As an alternative to debugging in VS Code, you can install Node Inspector globally from NPM. If this is your first time:

  1. Open a regular cmd command prompt window
  2. Type “npm install -g node-inspector” and hit enter.
  3. Wait at least 60 seconds. This is a global package that you can use anywhere on your machine.
  4. Let node-inspector run in the folder you want to debug (this needs to be running in the background).

If you have already installed node-inspector:

  1. Open a regular cmd command prompt window
  2. Type “node-inspector” and hit enter.
  3. Switch to the the Node.js cmd prompt, type “node --debug app.js” and hit enter. That puts Node into Debug mode. It opens a port that you can connect the debugger to.
  4. Open Chrome browser and navigate to http://localhost:8080
  5. Allow it to show notifications.
  6. You can put breakpoints on any of the lines, and when you hit them, you’ll get a notification (which is why you enabled them). You can go in there and see the Step Over, Step Into, Step Out Of call stack on the right side.
  7. You can kill your node.js process the normal way, with Ctrl^C. When you do, localhost:8080 will go blank, because it will no longer be connected.
  8. If you start your node.js app up again, you may need to refresh Chrome.

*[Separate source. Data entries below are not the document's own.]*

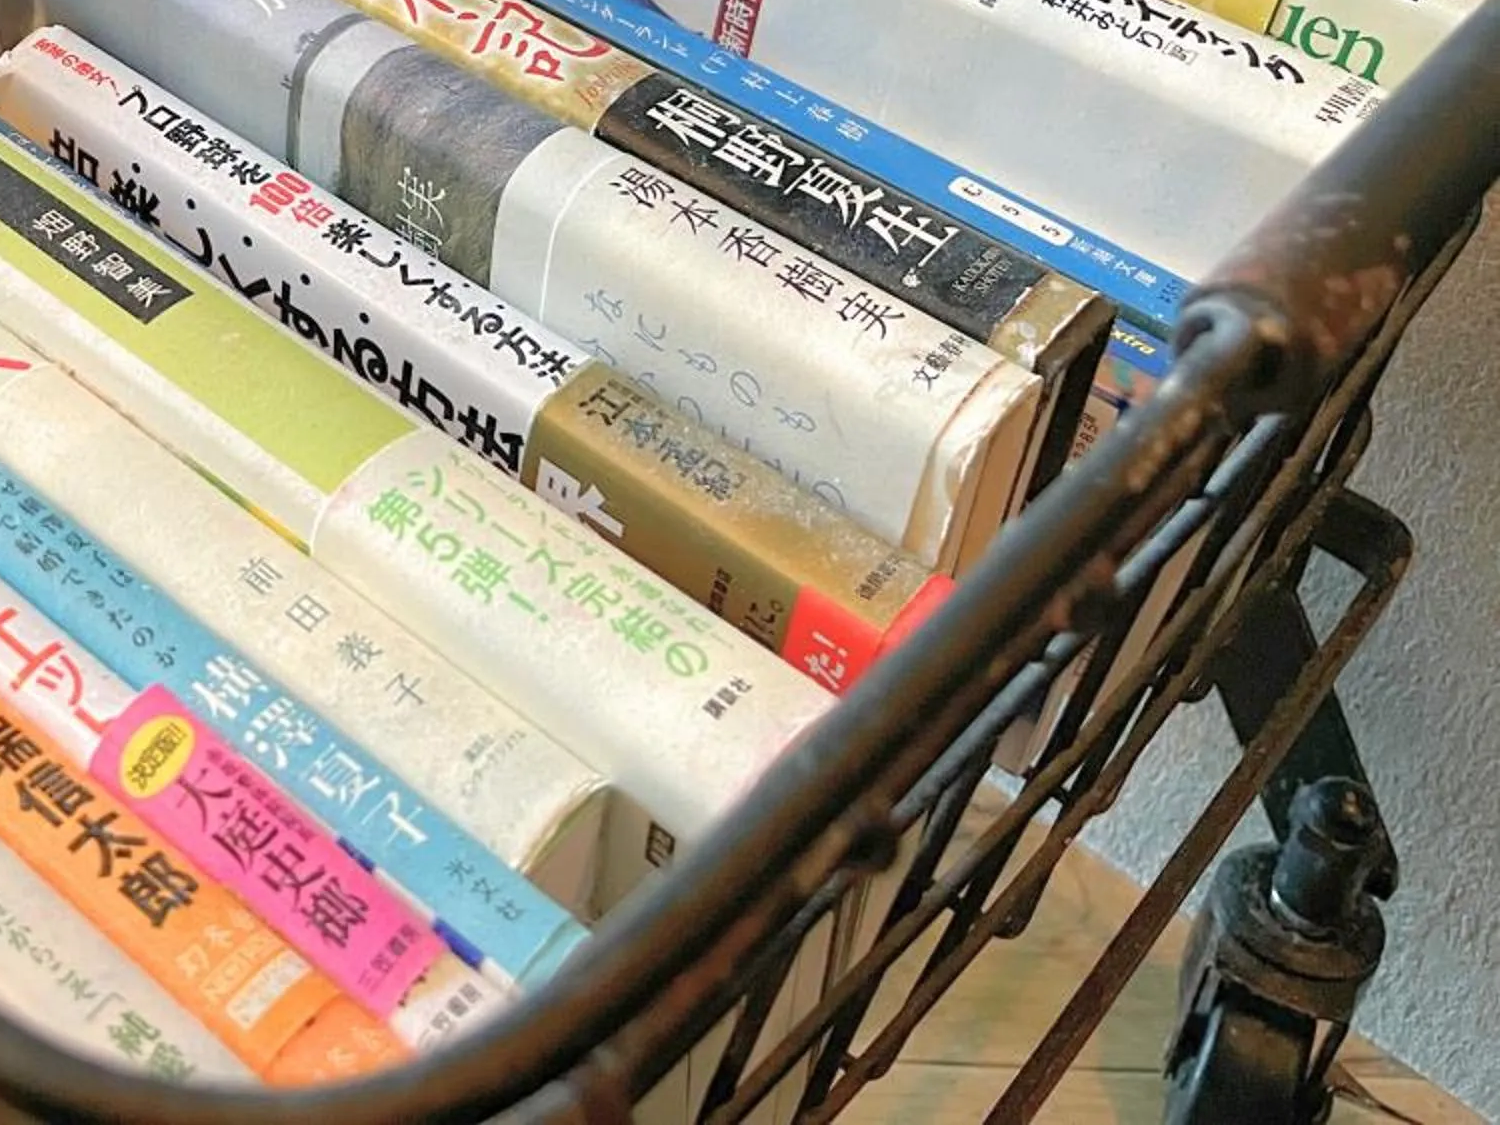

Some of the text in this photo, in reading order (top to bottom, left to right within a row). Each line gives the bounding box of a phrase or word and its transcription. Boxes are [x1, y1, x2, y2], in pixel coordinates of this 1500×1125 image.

[32, 209, 173, 308] 畑野智美
[610, 165, 906, 340] 湯本香樹実
[645, 84, 961, 270] 桐野夏生
[406, 464, 710, 679] シリーズ完結の
[191, 651, 432, 849] 横澤夏子
[441, 856, 526, 924] 光文社

To stop listening and deactivate your bot, go back to the Node.js command prompt and type ^C.

Now, if your Bot is up and running, you can configure it for a communication channel like Slack! Configuring channels is a combination of Microsoft Bot Framework workflow and conversation service workflow, and is unique for each channel you wish to configure.

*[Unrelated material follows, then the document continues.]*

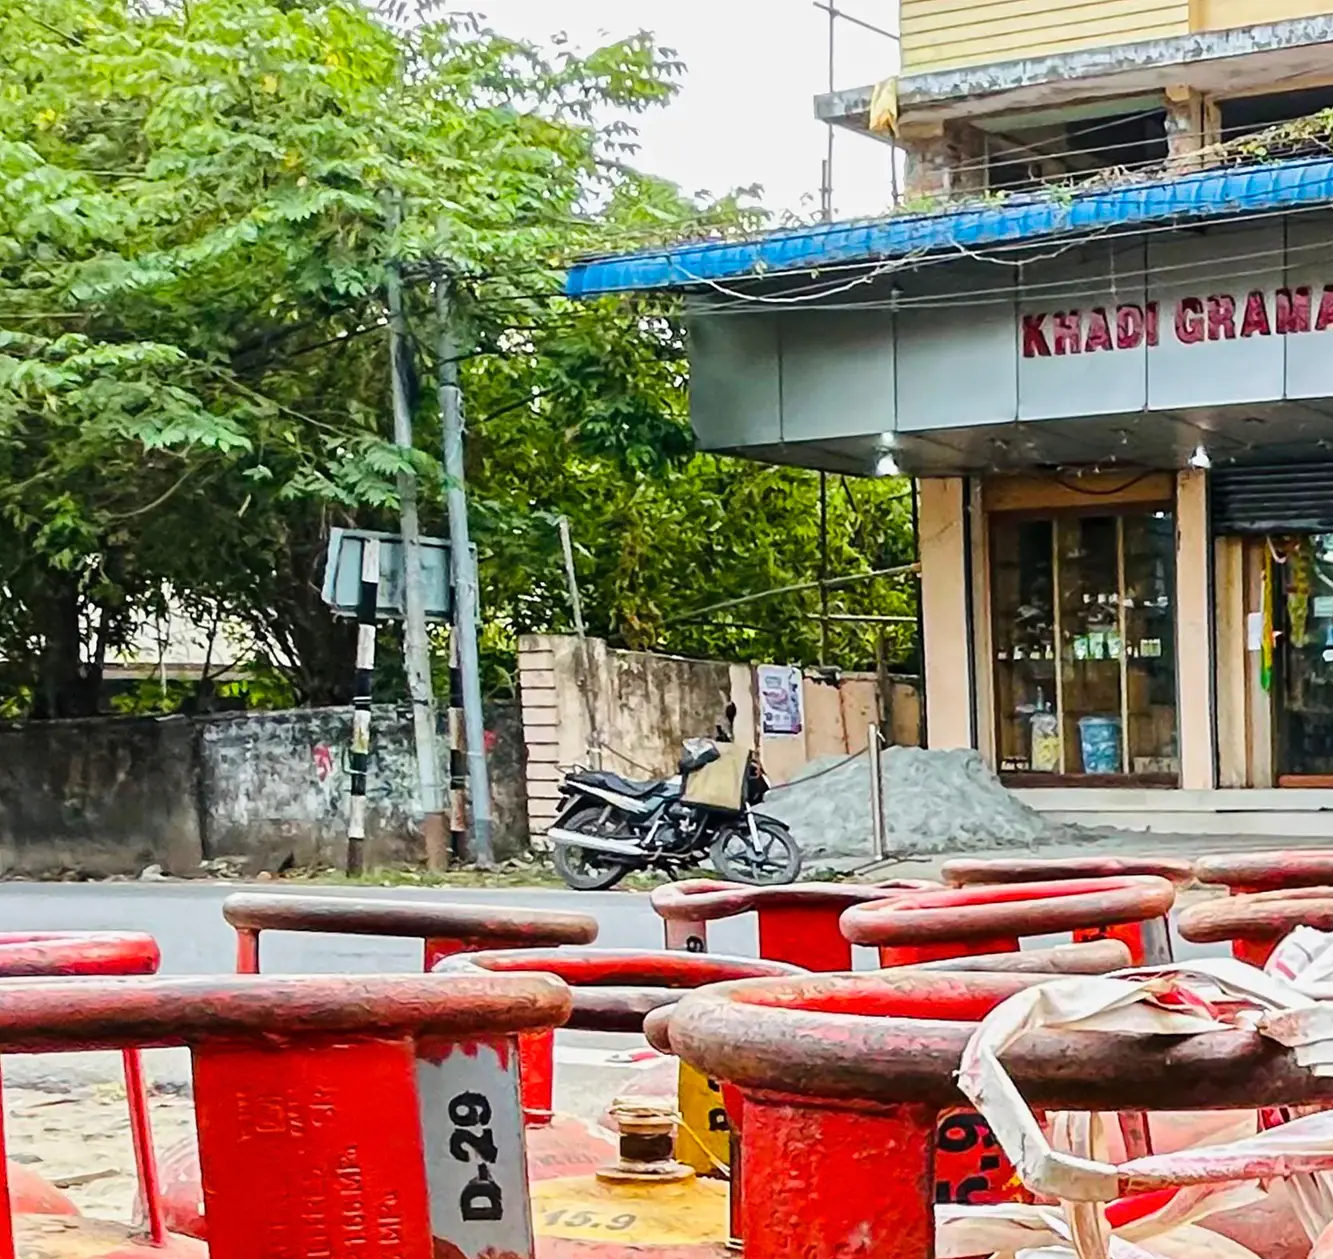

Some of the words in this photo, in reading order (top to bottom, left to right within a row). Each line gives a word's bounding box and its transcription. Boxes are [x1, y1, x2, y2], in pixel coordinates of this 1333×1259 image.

[1022, 301, 1160, 358] KHADI
[448, 1090, 503, 1222] D-29
[543, 1208, 637, 1231] 15.9

Check out Microsoft Bot Framework Part 3 for info on how to build more conversational dialog options into your bot, and configure new channels with communication services such as Slack and SMS!

Comments (5)

  1. Yanis says:


    Thanks for the detailed tutorial.

    I have an issue. I kinda followed the tutorial except that I used the v3.

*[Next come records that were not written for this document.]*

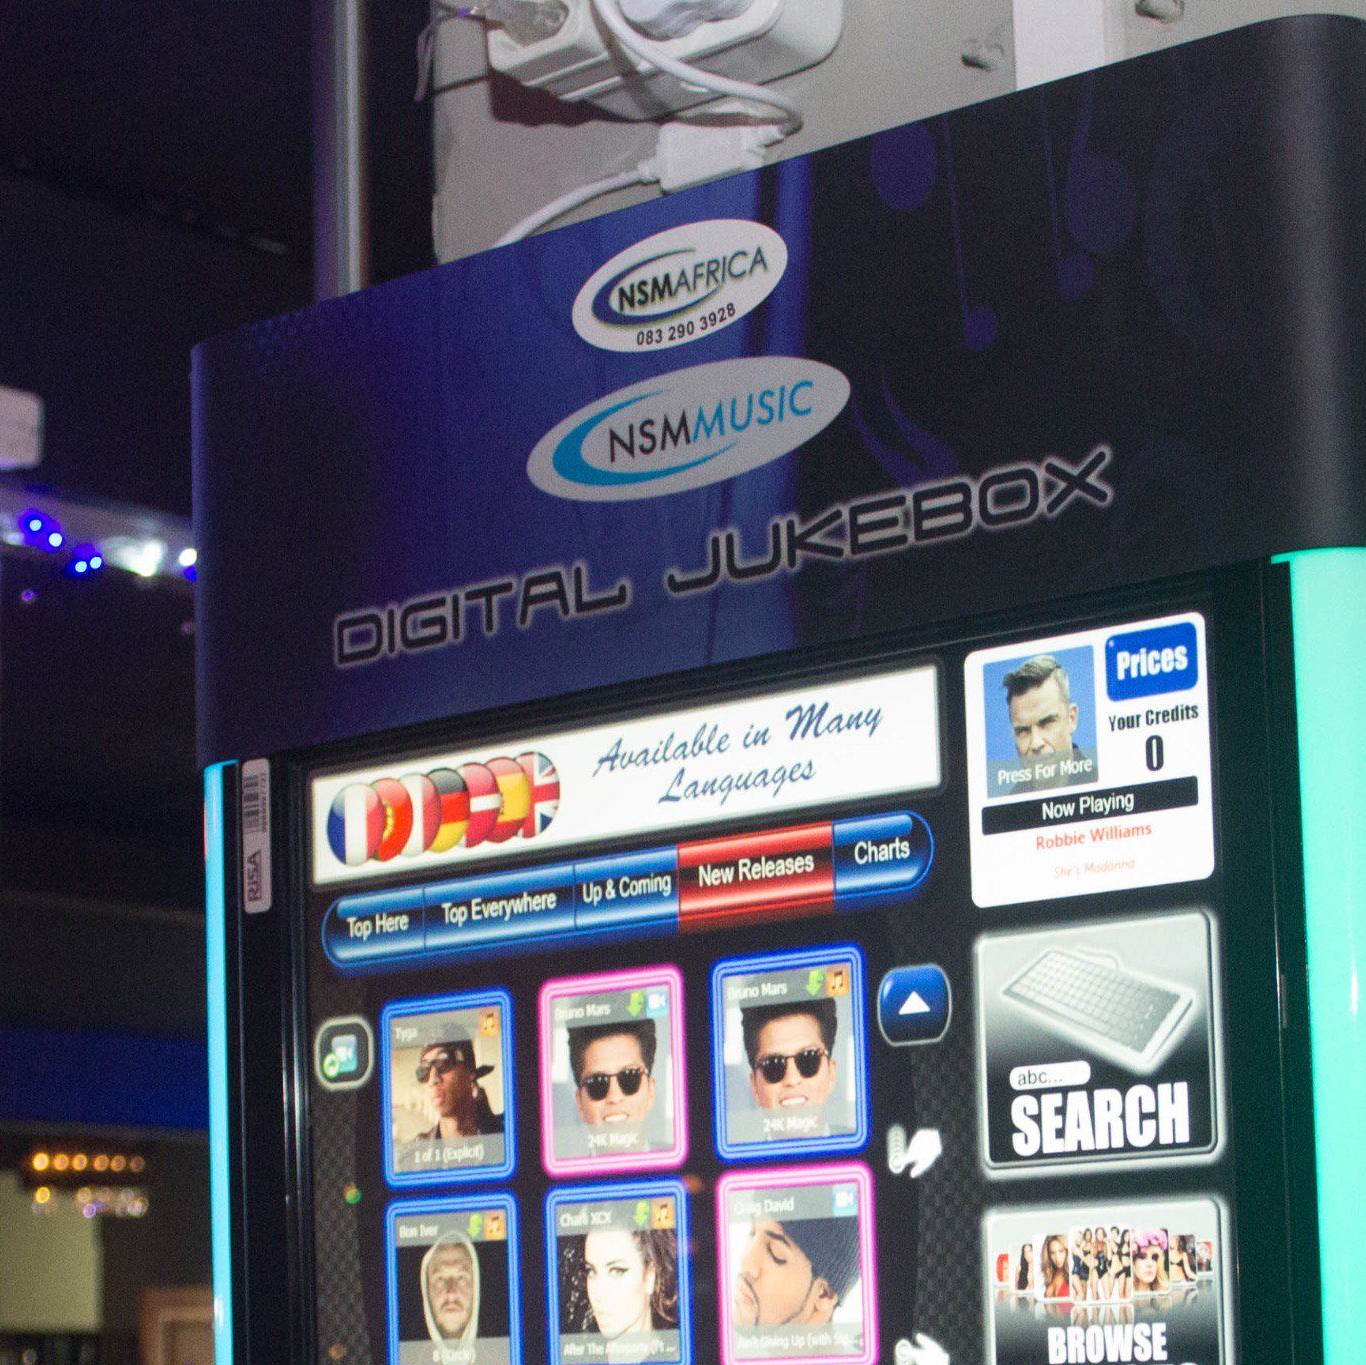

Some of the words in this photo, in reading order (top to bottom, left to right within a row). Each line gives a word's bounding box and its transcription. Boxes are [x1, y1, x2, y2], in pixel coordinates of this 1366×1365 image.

[616, 245, 770, 313] NSMAFRICA
[636, 328, 663, 346] 083
[668, 320, 695, 341] 290
[700, 302, 736, 331] 3928
[608, 379, 815, 463] NSMMUSIC
[334, 565, 627, 667] DIGITAL
[666, 445, 1114, 598] JUKEBOX
[1116, 645, 1189, 681] Prices
[1109, 713, 1141, 732] Your
[1146, 704, 1199, 726] Credits
[592, 722, 732, 777] Available
[742, 723, 772, 749] in
[785, 701, 884, 741] Many
[1146, 734, 1164, 771] 0
[657, 758, 817, 806] Languages
[997, 767, 1032, 785] Press
[1035, 763, 1057, 780] For
[1059, 758, 1093, 775] More
[1041, 801, 1074, 820] Now
[1079, 793, 1135, 814] Playing
[853, 838, 911, 867] Charts
[1036, 832, 1085, 850] Robbie
[1089, 823, 1152, 841] Williams
[697, 863, 733, 887] New
[737, 851, 815, 882] Releases
[582, 881, 600, 906] Up
[602, 881, 612, 900] &
[614, 871, 672, 903] Coming
[347, 915, 371, 941] Top
[374, 911, 409, 933] Here
[441, 903, 467, 929] Top
[470, 888, 558, 923] Everywhere
[762, 981, 788, 996] Mars
[1011, 1081, 1190, 1157] SEARCH
[763, 1197, 795, 1211] David
[1047, 1322, 1168, 1365] BROWSE

    When I test the connection to my bot on, I get an “Accepted”. Yet, when using the webchat, it does not work.

    I really reused the code that was given (see below) except for the index.html part.

    I published the webapp directly from my github repo. The webchat appears but the bot does not work.

    What could I have done wrong ?

    Best regards and thank you in advance for any help,


    var restify = require(‘restify’);
    var builder = require(‘botbuilder’);

    // Bot Setup

    // Setup Restify Server
    var server = restify.createServer();
    server.listen(process.env.port || process.env.PORT || 3978, function () {
    console.log(‘%s listening to %s’,, server.url);

    // Create chat bot
    var connector = new builder.ChatConnector({
    var bot = new builder.UniversalBot(connector);‘/api/messages’, connector.listen());

    server.get(‘/’, restify.serveStatic({
    directory: __dirname,
    default: ‘/index.html’

    // Bots Dialogs

    bot.dialog(‘/’, function (session) {
    session.send(“Hello World”);

  2. Extremus669 says:

    Great tutorial – thanks Sarah! A minor correction regarding deployment to Azure. After signing into the Azure Portal, you need to open up your bot’s app service, then select the “Deployment options” (under App Deployment) blade. Then you can follow the rest of the prompts to link your source repository. Cheers.

  3. tom t says:

    nice job with this! several other tutorials were missing key steps, but yours really works! 🙂

  4. James G says:

    This article mostly worked for me. I didn’t realise you had to generate a secret from the Bot Framework Web Chat Channel to embed in the iFrame URL. Also the code in the GIFs contains deprecated items. Use the code in the previous article and amend that. Also when using the process.env stuff in VCode to hide your ID and Secret, and using the emulator, it will only work if you run app.js through the debugger rather than the node.js cmd window!

  5. Arbri says:

    Hi Sarah,

    how do you build the “YOUR_SECRET_HERE” field from the two Secret Keys generated from MS site?
    I receive this msg where I run the html file with the frame inside: “You do not have permission to view this directory or page.”